Evaluation of the efficacy, safety and tolerability of Tacrolimus ointment in Indian patients of moderate to severe atopic dermatitis: a multicentric, open label, phase III study

Tacrolimus, a topical immunomodulator, has been introduced as a new treatment for moderate to severe atopic dermatitis. The present study was conducted to evaluate the efficacy, safety and tolerability of Tacrolimus ointment in patients of atopic dermatitis in an Indian setting. The present study was a prospective, open, multicentric, Phase III trial. The duration of study was 5 weeks, including a 3-week active treatment period, preceded by a 1-week washout phase and followed by a 1-week follow-up phase. Patients diagnosed to be suffering from moderate to severe atopic dermatitis as per the Rajka and Langeland criteria were treated with Tacrolimus ointment 0.03% twice daily.
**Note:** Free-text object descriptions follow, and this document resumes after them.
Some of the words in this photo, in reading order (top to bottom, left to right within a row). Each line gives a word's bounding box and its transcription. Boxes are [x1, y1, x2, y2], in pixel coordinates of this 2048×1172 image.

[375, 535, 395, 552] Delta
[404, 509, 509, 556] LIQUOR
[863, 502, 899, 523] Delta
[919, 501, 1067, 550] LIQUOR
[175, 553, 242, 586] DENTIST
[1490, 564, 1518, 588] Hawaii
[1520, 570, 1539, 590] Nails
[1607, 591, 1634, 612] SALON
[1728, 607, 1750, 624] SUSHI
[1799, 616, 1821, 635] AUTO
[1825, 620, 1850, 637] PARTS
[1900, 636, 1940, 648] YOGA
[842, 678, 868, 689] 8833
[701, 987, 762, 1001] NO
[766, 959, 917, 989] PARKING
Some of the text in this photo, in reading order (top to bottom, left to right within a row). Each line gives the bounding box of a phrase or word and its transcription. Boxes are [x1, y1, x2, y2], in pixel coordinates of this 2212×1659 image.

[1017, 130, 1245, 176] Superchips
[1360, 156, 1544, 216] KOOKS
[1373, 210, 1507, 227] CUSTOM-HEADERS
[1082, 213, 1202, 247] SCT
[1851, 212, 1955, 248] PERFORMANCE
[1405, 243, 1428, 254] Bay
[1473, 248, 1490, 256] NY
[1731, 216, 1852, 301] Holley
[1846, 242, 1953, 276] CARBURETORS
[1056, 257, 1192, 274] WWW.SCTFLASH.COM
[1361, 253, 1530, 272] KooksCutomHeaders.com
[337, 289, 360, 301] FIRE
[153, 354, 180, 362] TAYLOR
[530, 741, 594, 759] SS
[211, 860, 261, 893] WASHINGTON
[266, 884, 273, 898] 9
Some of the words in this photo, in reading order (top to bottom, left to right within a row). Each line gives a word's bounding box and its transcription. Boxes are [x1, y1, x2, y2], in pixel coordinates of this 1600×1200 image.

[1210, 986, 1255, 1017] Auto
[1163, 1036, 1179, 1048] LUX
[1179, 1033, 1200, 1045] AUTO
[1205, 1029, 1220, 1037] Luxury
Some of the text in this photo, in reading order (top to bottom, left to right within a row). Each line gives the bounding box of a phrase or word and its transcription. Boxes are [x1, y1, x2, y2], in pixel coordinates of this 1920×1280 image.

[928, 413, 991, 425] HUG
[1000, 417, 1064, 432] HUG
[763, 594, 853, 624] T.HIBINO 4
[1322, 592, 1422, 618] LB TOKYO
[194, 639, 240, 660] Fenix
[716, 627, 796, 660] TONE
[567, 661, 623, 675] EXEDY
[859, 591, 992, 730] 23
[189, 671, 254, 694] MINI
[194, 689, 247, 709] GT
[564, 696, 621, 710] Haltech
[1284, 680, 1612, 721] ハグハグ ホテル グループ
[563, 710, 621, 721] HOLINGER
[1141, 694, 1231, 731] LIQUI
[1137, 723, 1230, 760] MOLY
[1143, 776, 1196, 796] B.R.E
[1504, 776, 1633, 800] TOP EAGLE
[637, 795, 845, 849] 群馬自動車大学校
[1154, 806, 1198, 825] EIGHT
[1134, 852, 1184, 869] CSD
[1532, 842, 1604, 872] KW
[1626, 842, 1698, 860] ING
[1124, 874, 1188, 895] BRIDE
Efficacy was assessed by modified Eczema Area Sensitivity Index (mEASI) score, patient's and physician's global assessment. Tolerability and safety was assessed by physical examination, laboratory parameters and evaluation of adverse events. There was a statistically significant decrease in the modified Eczema Area Sensitivity Index (mEASI) score (P< 0.05). Patient's and Physician's global evaluation of treatment was complete resolution to very good improvement in most of the patients. The laboratory values were within normal limits. The drug was well tolerated. This study confirms the efficacy and safety of Tacrolimus ointment 0.03% in Indian patients of moderate to severe atopic dermatitis.